▸ TO DO:
Your task is to give the listing below back word for word, pictures excluded.

▸ ENTRIES SHOWN:
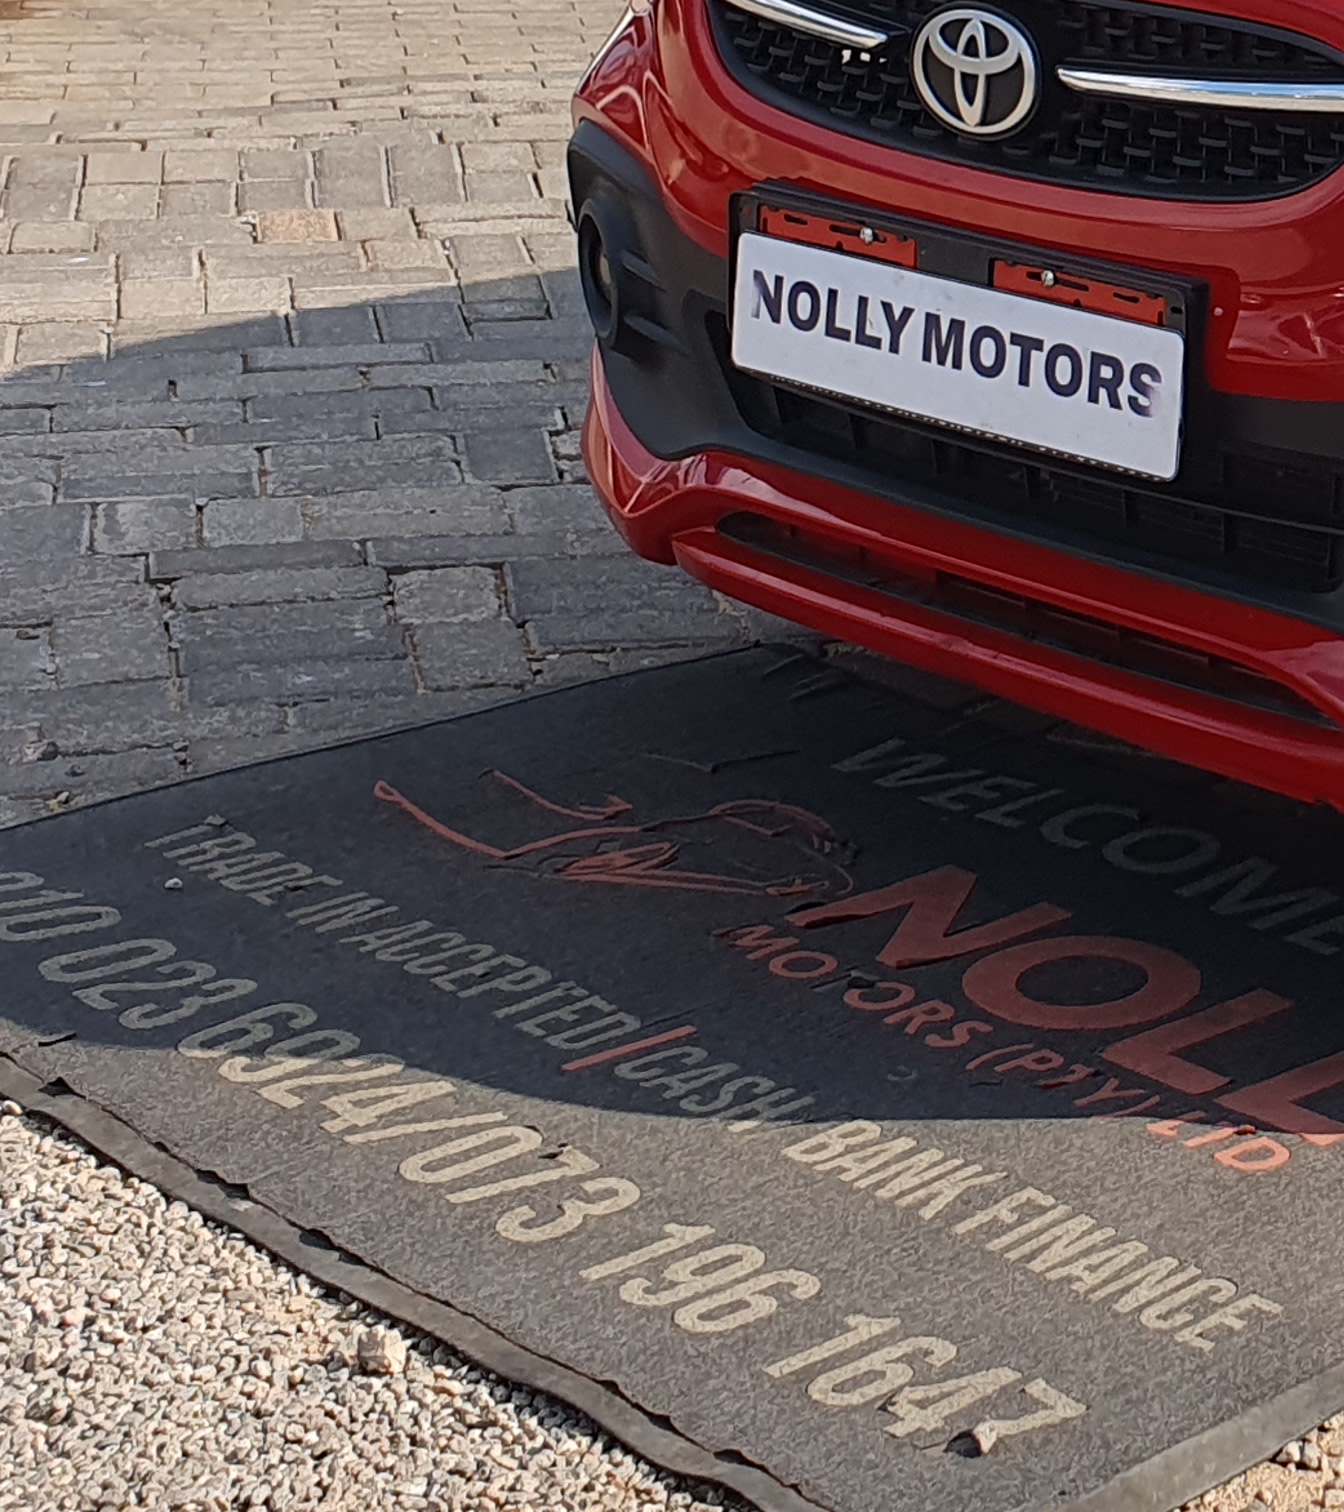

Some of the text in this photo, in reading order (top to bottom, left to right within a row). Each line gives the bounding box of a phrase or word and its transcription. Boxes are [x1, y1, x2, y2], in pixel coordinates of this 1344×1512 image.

[752, 270, 1162, 419] NOLLY MOTORS
[38, 938, 259, 1030] 023
[579, 1222, 821, 1334] 196
[765, 1312, 1088, 1440] 1647
[144, 816, 344, 907] TRADE
[286, 892, 399, 934] IN
[781, 1119, 1008, 1222] BANK
[956, 1187, 1283, 1351] FINANCE

▸ RESPONSE TO THE TASK:
Some of the text in this photo, in reading order (top to bottom, left to right within a row). Each line gives the bounding box of a phrase or word and its transcription. Boxes are [x1, y1, x2, y2], in pixel coordinates of this 1344×1512 image.

[752, 270, 1162, 419] NOLLY MOTORS
[38, 938, 259, 1030] 023
[579, 1222, 821, 1334] 196
[765, 1312, 1088, 1440] 1647
[144, 816, 344, 907] TRADE
[286, 892, 399, 934] IN
[781, 1119, 1008, 1222] BANK
[956, 1187, 1283, 1351] FINANCE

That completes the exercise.